The modern-day trend of including people on lists that are “manipulative propaganda in a way that results in harassment” began with the rightwing group Turning Point USA’s professor watchlist, said Carroll Rivas. In 2016, the group released a list of nearly 200 educators who were attacked for espousing what it considered “leftist propaganda”. The watchlist led to harassment and death threats against some professors.

She also sees the current attack on DEI in the federal government as an outgrowth of anti-inclusivity efforts in education at the local school board level pushed by the conservative group Moms for Liberty in 2021. During this movement, parents attacked educators for using school curricula that mentioned race and ethnicity and mobilized bans on books about gender or sexuality. “Those things were intimidating, and they pushed educators out of the school system,” Carroll Rivas said.

As a precautionary step after learning that he was included on the DEI watchlist, James said that he froze his credit reports to prevent fraudulent activity if anyone tried to assume his identity.
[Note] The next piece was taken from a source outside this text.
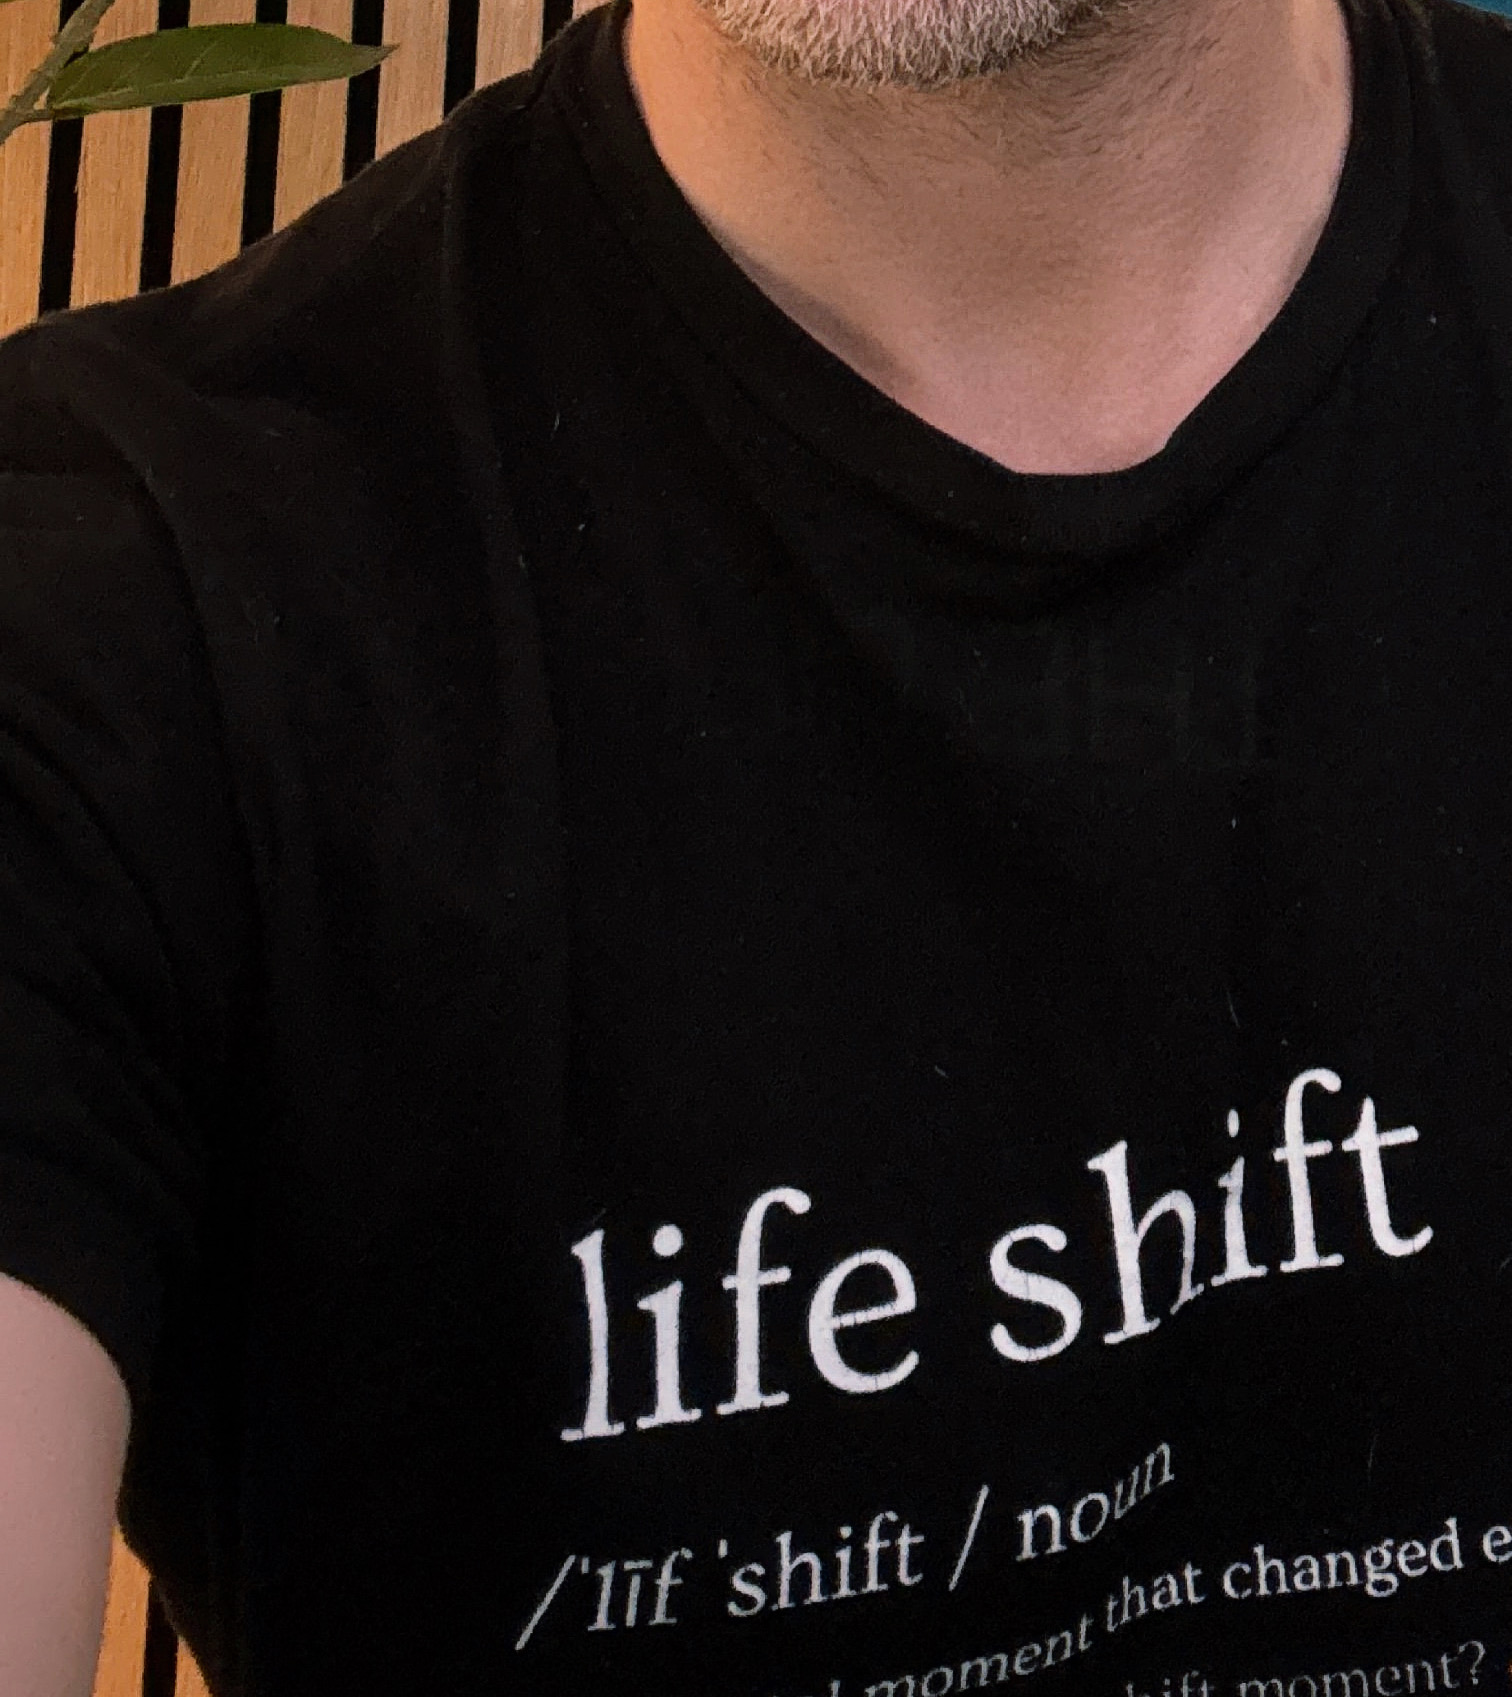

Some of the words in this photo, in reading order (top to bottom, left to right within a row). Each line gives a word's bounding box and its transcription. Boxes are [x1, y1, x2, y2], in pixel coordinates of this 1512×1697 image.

He said that he and several other targeted government employees were now working together with law firms and are considering filing a class action lawsuit.

Landing on the watchlist has not deterred James or others he has spoken to from remaining in their roles. “If anything, we are more dug in in staying in our jobs until we are fired, riffed, or otherwise,” he said. “But if the goal is to get us pushed out, or to strike fear, it’s doing the opposite effect.” He added that he had one message for AAF: “You are a bunch of morons and if it is a fight you want, game on.”